Saturday’s event, the fifth Women’s March since the largest single-day march in U.S. history in 2017, is being held well ahead of its typical January date, a decision announced Sept. 2, the day the new Texas anti-abortion law went into effect. The law, considered the most restrictive in the country, bans abortions after six weeks, when most women do not realize they are pregnant, and gives citizens the power to sue abortion providers and others.

The date was also chosen because it falls two days before the conservative-leaning U.S. Supreme Court begins its October term. Among the cases expected to be heard is one out of Mississippi that threatens to cut the cord from which Roe is hanging. That one bans abortions after 15 weeks of pregnancy.

The October date is both unexpected and imperative and has required a lot of tireless work to make it all happen in a short period of time, Assed said.

“This was a surprise action,” she said. “It was over 90 organizations getting in a room together and coming together. Everybody understood the seriousness of the moment and the absolute need to come together, rise up and speak out against the peril our reproductive rights now face and the barbarism and vigilantism in Texas.”

Among the dozens of coalition members are Planned Parenthood, NARAL, National Organization for Women, Guttmacher Institute and the Lilith Fund.

In New Mexico, collaborating groups include the Indigenous Women Rising, Mariposa Fund and the New Mexico Religious Coalition for Reproductive Choice.
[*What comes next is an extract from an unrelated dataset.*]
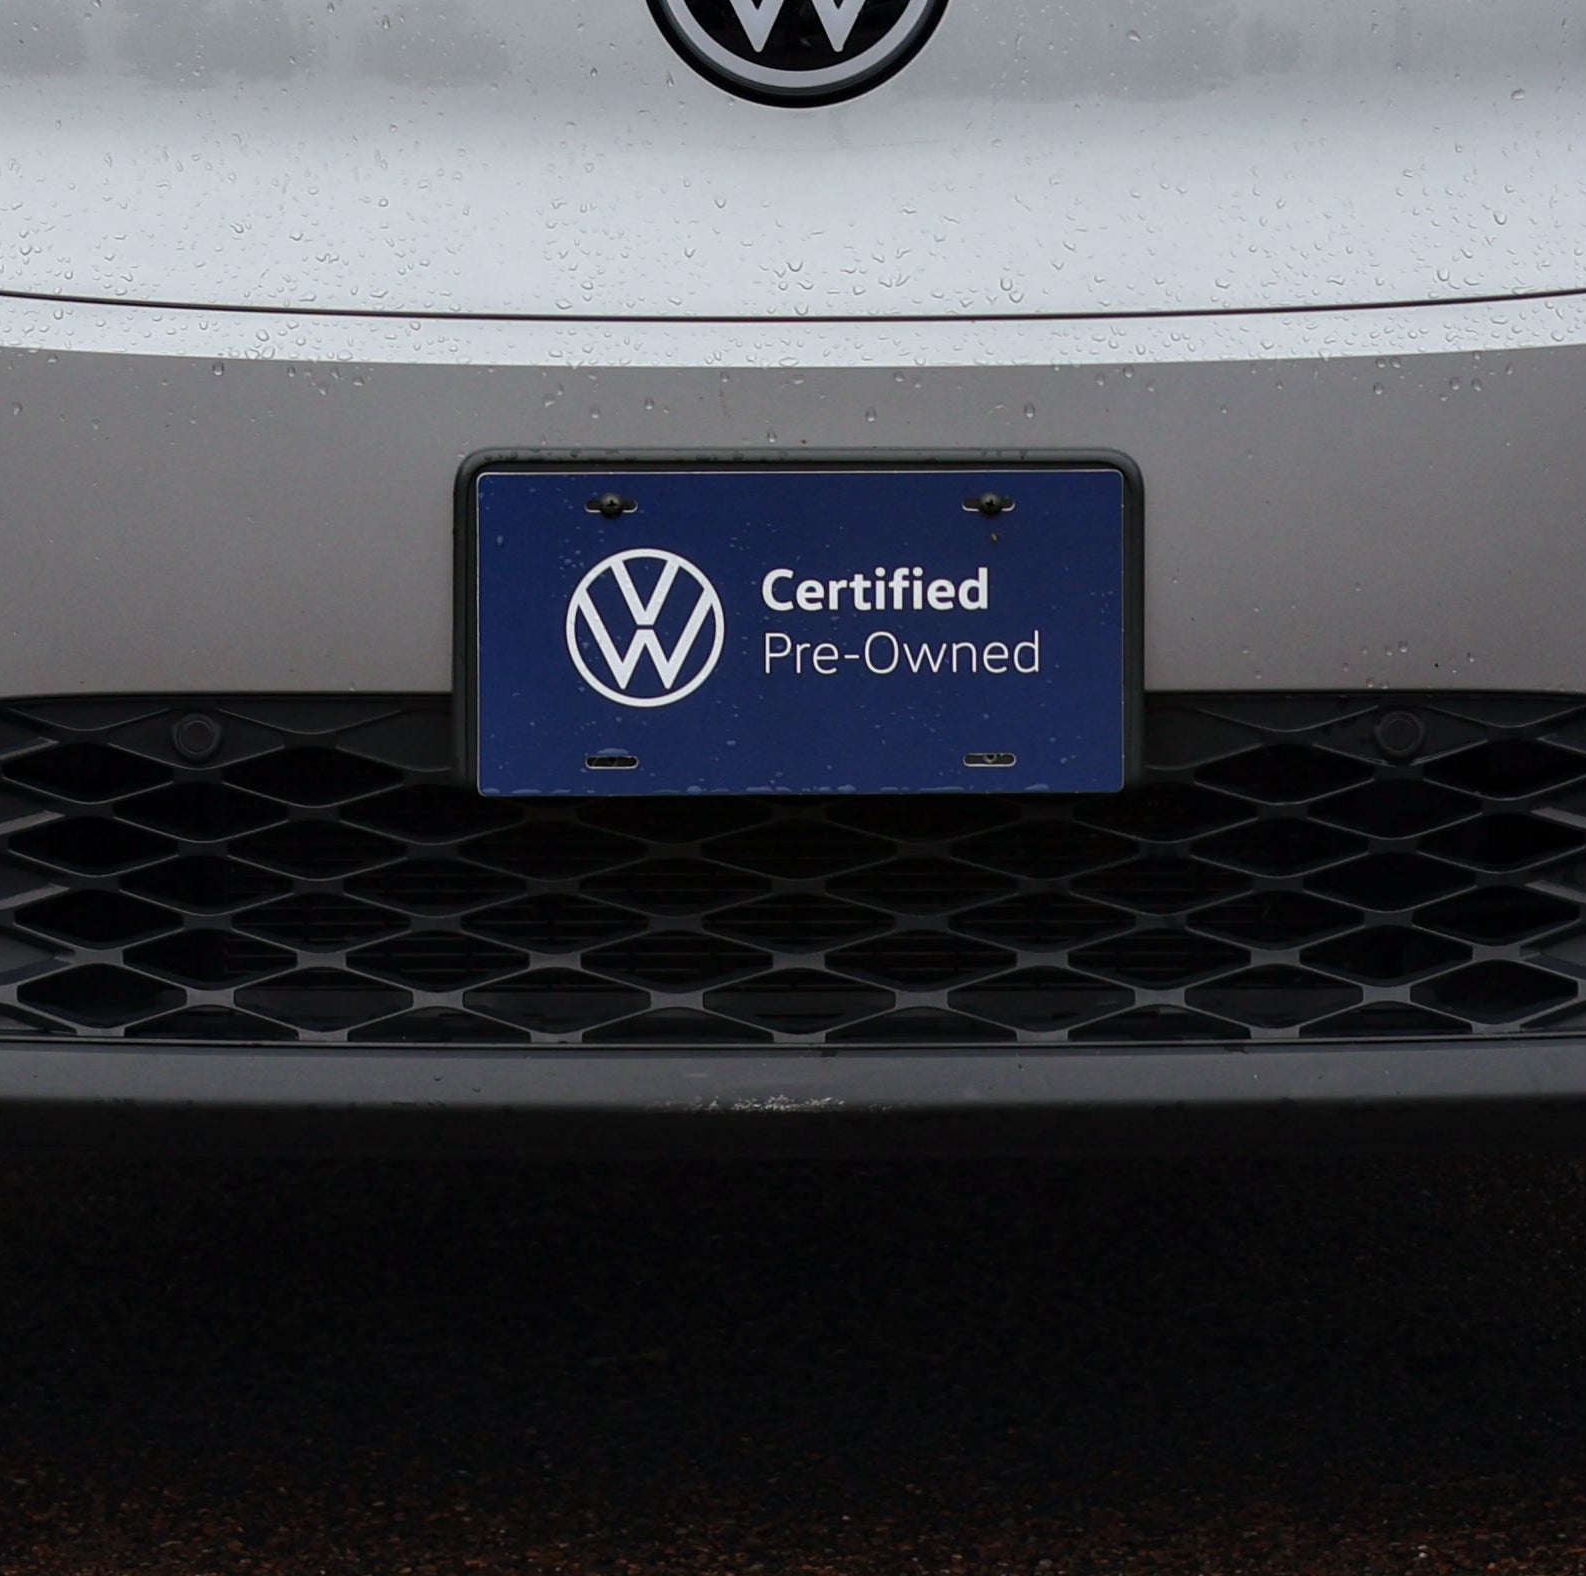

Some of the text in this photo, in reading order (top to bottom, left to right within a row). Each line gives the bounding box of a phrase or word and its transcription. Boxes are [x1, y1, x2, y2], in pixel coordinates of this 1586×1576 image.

[761, 566, 990, 612] Certified
[571, 554, 719, 698] VW
[763, 630, 1041, 675] Pre-Owned
Because of the short notice, the Albuquerque march has been moved to Tiguex Park instead of the Civic Plaza, which was already spoken for by the Albuquerque Taco and Margarita Festival.

Participants are also encouraged to carpool as they will be competing for parking with tourists here for the Albuquerque International Balloon Fiesta.

Keeping abortion legal, by the way, is still supported by a majority of Americans, according to several national polls. Approval numbers range from 54% to 61%, with notable declines in approval after the first trimester (the first three months, not six weeks) and among evangelical Christians.

A Monmouth University poll this month found that 62% of Americans believe the Supreme Court should leave Roe v. Wade alone. The same poll also found that 70% disapprove of allowing private citizens to sue people involved in an abortion and 81% disapprove of those people receiving $10,000 for their efforts, both allowed under the new Texas law.

Organizers of the march say the stakes have never been higher.

“Everybody understands the risks,” Assed said. “Abortion is never an easy decision. It is painful and emotional, but it is a woman’s choice, not the government’s, not people who are anti-choice. As they say, if you don’t believe in abortion, don’t have one.”

The event is called the Women’s March, but men who love them and support their right to choose are always welcome, too.